How works N-gram based model

I have build RASA NLU by following intents,


  • hi
  • hello
  • hey


  • how are you
  • are you okay
  • how are you doing

NLU Pipeline Configuration

- name: "WhitespaceTokenizer"
- name: "RegexFeaturizer"
- name: "CRFEntityExtractor"
- name: "EntitySynonymMapper"
- name: "CountVectorsFeaturizer"
  analyzer: "word"
  stop_words: { "english" }
  min_ngram: 1
  max_ngram: 3
- name: "EmbeddingIntentClassifier"

My question is, When I am testing a sentence like below

  • are you how
  • you doing are how

RASA NLU, still getting the intent as ask_how_doing with 91% accuracy and even when we give an proper order of sentence the accuracy is 97%. I feel that the tri-gram model is not given proper importance when sequence is missed because the sequence of words are taken from 1 to 3.
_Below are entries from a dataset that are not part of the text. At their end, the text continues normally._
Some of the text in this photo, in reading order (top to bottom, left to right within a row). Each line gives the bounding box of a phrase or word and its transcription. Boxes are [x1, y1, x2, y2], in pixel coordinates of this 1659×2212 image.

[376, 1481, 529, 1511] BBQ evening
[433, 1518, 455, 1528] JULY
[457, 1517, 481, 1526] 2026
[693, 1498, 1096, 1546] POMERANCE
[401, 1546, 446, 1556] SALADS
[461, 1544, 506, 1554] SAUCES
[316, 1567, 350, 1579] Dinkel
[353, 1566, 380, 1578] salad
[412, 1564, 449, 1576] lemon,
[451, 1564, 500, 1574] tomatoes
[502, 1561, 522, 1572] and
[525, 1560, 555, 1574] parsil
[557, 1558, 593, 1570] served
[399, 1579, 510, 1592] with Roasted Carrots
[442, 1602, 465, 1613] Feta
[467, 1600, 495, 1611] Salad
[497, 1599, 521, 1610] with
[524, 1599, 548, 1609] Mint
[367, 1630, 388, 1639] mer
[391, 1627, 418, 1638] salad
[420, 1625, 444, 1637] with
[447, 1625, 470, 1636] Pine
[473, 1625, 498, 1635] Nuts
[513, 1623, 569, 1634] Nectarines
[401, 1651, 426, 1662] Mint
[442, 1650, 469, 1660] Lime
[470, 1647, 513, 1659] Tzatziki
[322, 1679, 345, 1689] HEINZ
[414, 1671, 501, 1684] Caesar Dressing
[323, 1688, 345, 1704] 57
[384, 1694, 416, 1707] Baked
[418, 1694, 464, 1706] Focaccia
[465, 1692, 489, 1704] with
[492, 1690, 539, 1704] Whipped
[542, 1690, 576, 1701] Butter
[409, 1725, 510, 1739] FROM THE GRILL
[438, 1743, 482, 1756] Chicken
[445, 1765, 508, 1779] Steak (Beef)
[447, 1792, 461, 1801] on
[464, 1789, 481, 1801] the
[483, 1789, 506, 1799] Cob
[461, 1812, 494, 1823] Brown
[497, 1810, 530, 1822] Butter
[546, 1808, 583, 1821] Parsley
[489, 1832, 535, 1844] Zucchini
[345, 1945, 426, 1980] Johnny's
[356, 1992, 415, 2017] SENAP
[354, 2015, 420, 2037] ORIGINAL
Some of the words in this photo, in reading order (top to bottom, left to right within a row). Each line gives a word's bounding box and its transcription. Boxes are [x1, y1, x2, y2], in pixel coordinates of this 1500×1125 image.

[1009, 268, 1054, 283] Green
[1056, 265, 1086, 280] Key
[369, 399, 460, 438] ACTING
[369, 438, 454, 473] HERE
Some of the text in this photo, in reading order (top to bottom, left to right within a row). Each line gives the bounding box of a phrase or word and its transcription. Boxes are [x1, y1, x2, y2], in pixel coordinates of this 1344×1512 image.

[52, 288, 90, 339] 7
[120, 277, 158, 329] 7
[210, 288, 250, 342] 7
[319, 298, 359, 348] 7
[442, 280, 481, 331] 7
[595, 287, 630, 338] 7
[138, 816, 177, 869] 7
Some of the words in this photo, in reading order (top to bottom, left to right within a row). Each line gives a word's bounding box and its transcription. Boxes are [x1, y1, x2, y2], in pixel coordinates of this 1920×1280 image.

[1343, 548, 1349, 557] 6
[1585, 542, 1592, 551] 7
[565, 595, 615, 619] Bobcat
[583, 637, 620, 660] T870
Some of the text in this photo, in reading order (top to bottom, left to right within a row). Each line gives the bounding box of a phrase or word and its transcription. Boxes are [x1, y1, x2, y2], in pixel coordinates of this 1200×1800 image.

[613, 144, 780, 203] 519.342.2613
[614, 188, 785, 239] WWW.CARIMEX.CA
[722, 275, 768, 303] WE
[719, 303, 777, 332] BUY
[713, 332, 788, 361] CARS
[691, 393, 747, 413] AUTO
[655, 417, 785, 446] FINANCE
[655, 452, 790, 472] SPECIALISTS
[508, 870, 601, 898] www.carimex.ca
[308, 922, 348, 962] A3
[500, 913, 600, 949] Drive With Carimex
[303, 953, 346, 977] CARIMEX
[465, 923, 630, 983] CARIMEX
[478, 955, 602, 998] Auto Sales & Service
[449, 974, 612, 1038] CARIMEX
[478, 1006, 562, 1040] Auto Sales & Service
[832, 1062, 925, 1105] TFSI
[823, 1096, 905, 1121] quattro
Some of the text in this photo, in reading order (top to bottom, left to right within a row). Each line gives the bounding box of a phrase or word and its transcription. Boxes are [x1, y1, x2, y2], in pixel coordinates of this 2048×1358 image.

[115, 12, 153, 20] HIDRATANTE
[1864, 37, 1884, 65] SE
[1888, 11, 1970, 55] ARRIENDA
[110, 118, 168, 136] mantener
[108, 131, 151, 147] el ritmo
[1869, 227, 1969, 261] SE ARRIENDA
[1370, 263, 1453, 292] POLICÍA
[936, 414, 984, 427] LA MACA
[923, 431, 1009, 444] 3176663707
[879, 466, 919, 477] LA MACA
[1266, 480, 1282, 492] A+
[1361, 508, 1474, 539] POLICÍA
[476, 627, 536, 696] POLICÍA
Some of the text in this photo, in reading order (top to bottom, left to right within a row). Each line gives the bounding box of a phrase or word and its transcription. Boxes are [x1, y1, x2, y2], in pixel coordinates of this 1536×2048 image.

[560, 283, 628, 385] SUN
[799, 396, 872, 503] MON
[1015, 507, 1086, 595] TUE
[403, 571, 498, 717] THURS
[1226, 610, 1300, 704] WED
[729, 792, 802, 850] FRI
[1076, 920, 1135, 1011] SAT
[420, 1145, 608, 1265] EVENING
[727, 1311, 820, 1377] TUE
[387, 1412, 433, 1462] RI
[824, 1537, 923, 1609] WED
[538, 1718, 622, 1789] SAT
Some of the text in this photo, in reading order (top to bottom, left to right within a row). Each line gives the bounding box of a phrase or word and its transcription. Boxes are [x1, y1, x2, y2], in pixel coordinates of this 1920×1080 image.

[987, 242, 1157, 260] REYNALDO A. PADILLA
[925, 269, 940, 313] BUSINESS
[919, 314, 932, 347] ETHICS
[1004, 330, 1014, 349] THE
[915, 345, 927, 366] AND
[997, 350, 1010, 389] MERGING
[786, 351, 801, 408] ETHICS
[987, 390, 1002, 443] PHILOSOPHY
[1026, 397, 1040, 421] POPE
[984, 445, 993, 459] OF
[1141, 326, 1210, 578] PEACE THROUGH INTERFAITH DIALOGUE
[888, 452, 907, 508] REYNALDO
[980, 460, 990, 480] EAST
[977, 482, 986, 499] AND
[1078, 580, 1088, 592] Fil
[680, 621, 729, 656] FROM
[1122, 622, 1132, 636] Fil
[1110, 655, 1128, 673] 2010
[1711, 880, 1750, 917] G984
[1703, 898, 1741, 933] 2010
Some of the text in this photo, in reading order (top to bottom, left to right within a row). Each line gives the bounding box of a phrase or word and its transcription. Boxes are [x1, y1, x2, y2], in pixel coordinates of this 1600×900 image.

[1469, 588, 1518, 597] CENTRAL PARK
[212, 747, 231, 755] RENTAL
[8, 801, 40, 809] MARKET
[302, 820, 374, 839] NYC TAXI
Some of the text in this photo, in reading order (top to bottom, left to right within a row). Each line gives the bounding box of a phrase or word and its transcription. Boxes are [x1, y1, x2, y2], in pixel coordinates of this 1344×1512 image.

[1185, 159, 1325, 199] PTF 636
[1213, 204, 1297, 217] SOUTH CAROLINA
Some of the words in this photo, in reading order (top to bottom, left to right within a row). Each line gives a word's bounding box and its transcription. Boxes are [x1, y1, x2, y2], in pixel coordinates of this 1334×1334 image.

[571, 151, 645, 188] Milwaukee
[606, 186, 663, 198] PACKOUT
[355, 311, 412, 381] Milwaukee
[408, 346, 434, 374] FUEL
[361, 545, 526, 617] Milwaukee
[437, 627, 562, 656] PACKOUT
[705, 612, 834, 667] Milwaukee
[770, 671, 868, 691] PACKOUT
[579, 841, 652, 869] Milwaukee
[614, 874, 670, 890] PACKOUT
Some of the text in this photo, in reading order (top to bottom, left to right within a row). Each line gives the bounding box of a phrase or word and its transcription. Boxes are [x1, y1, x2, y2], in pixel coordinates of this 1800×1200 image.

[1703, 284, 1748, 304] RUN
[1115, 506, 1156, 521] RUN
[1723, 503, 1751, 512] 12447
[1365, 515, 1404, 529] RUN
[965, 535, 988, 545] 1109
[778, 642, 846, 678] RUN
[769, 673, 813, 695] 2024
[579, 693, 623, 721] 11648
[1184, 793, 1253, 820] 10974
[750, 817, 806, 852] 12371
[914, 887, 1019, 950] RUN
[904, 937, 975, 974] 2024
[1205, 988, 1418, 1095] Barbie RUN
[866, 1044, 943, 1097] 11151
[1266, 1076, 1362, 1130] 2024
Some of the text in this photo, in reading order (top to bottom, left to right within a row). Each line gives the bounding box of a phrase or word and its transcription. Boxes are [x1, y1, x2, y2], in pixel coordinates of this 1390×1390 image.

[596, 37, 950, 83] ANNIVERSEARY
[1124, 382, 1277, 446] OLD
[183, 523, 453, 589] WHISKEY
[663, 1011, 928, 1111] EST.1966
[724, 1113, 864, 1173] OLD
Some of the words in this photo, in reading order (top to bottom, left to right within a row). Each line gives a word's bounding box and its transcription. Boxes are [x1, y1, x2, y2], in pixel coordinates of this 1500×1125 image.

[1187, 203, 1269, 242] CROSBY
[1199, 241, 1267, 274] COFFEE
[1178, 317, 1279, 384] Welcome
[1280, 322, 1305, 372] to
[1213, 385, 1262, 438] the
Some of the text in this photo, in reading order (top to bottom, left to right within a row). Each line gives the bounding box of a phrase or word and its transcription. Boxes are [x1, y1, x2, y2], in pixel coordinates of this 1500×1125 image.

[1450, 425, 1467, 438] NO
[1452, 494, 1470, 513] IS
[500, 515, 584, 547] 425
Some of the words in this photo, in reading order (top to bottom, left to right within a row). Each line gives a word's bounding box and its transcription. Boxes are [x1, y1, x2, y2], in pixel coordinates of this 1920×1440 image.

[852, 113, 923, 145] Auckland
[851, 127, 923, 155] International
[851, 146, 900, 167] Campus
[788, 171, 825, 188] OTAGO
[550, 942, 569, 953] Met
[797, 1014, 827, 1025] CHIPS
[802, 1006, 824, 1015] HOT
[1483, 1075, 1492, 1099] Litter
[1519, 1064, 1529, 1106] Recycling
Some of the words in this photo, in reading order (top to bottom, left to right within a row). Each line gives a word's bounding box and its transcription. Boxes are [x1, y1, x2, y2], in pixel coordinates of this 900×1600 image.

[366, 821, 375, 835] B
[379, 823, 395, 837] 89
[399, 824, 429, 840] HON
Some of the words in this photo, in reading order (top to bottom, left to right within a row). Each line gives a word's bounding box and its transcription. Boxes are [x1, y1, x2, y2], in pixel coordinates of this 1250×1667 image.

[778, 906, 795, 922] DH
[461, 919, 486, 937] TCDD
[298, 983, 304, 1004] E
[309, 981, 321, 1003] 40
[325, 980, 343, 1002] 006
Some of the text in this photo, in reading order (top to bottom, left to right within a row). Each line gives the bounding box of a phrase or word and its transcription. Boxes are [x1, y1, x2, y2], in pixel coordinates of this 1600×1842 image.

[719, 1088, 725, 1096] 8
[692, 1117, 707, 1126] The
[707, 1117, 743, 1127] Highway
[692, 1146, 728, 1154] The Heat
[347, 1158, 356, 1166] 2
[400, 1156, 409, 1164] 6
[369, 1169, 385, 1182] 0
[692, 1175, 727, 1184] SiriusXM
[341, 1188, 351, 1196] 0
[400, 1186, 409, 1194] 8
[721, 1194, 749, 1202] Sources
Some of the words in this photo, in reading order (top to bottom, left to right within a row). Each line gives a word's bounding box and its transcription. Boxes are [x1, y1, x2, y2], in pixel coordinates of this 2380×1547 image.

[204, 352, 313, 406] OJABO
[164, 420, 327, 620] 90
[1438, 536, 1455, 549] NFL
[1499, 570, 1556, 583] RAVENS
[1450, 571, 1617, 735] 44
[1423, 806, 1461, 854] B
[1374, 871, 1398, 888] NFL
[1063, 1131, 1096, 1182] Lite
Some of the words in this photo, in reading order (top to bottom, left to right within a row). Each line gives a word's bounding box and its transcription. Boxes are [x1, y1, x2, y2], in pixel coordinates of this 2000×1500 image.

But if you try the sequence from 2 to 3. like below configuration,

  • min_ngram: 2
  • max_ngram: 3

The above sequence problem was solved but individual words like “hi”, “hello” and “hey” not able to get the intent because individual words are not trained in the model.

So, How do i tackle these kind of problem in RASA NLU pipeline?